What to work on
All the lines below need to be output exactly, apart from any images.

*** Data to use Section Begins ***

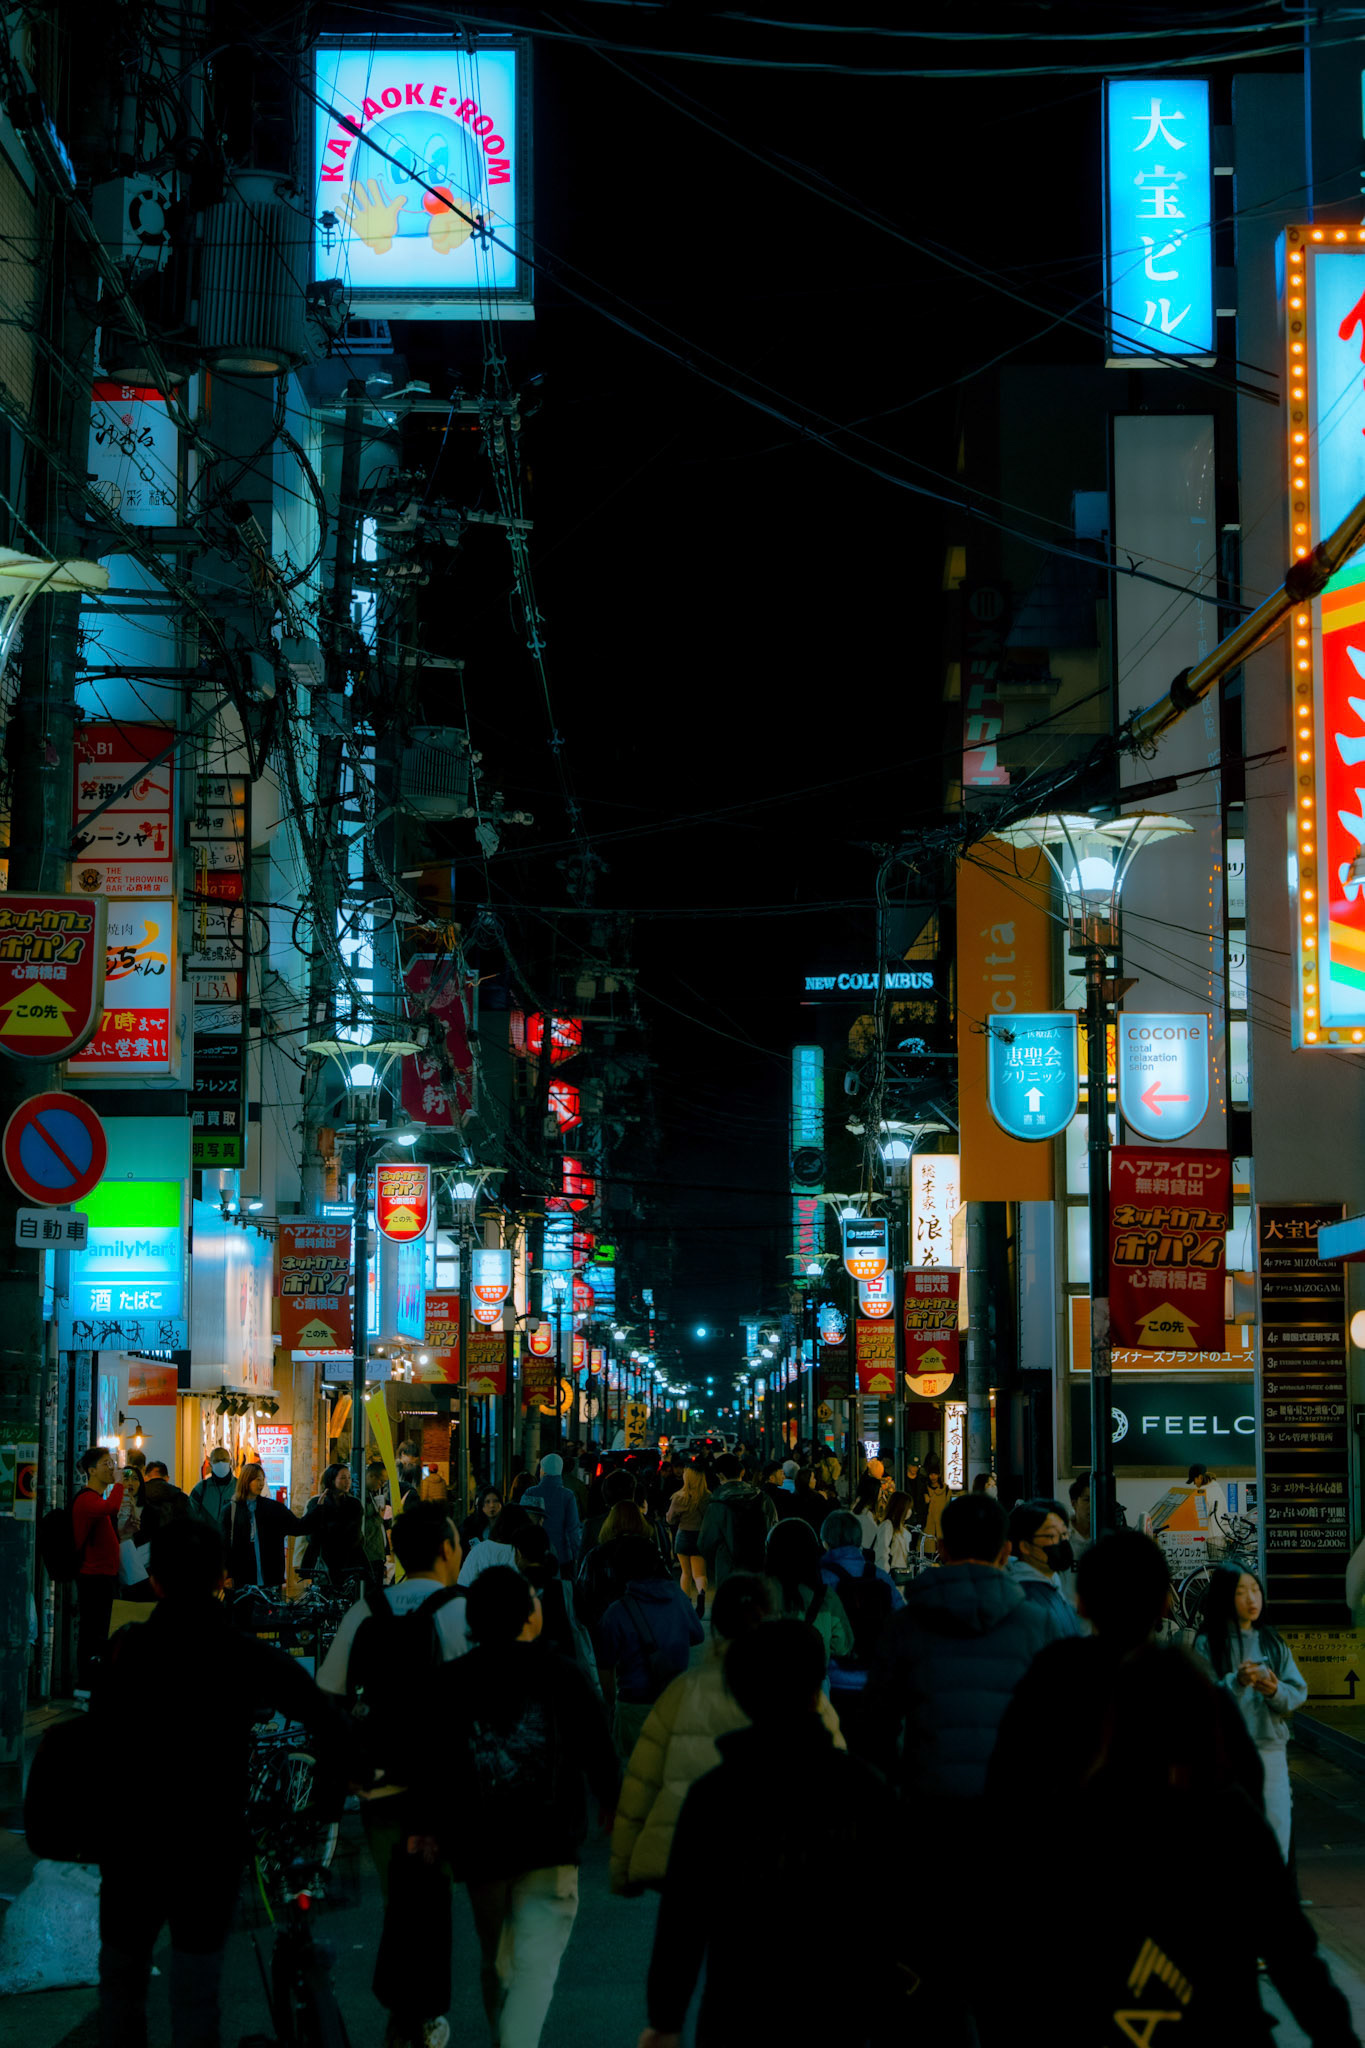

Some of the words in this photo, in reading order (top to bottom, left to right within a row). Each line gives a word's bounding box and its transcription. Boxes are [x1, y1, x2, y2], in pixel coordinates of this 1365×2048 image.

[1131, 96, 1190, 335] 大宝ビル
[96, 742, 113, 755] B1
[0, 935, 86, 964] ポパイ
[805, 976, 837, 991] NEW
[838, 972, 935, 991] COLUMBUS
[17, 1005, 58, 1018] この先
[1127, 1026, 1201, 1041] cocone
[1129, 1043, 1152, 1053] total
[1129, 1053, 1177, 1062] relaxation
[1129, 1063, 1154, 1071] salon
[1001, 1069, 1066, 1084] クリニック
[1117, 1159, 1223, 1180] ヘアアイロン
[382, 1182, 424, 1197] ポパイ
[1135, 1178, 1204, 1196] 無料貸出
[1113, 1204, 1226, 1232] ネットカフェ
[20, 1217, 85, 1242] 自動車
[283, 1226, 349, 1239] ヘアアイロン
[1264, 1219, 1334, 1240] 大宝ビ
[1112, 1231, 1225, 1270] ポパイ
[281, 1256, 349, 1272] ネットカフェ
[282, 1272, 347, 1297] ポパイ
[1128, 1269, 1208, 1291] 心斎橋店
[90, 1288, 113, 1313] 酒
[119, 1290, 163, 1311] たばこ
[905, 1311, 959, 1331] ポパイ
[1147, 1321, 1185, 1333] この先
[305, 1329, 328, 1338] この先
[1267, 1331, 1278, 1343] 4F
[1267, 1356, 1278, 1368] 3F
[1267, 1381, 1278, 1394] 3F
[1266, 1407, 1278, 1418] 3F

*** Data to use Section Ends ***

Your response
Some of the words in this photo, in reading order (top to bottom, left to right within a row). Each line gives a word's bounding box and its transcription. Boxes are [x1, y1, x2, y2], in pixel coordinates of this 1365×2048 image.

[1131, 96, 1190, 335] 大宝ビル
[96, 742, 113, 755] B1
[0, 935, 86, 964] ポパイ
[805, 976, 837, 991] NEW
[838, 972, 935, 991] COLUMBUS
[17, 1005, 58, 1018] この先
[1127, 1026, 1201, 1041] cocone
[1129, 1043, 1152, 1053] total
[1129, 1053, 1177, 1062] relaxation
[1129, 1063, 1154, 1071] salon
[1001, 1069, 1066, 1084] クリニック
[1117, 1159, 1223, 1180] ヘアアイロン
[382, 1182, 424, 1197] ポパイ
[1135, 1178, 1204, 1196] 無料貸出
[1113, 1204, 1226, 1232] ネットカフェ
[20, 1217, 85, 1242] 自動車
[283, 1226, 349, 1239] ヘアアイロン
[1264, 1219, 1334, 1240] 大宝ビ
[1112, 1231, 1225, 1270] ポパイ
[281, 1256, 349, 1272] ネットカフェ
[282, 1272, 347, 1297] ポパイ
[1128, 1269, 1208, 1291] 心斎橋店
[90, 1288, 113, 1313] 酒
[119, 1290, 163, 1311] たばこ
[905, 1311, 959, 1331] ポパイ
[1147, 1321, 1185, 1333] この先
[305, 1329, 328, 1338] この先
[1267, 1331, 1278, 1343] 4F
[1267, 1356, 1278, 1368] 3F
[1267, 1381, 1278, 1394] 3F
[1266, 1407, 1278, 1418] 3F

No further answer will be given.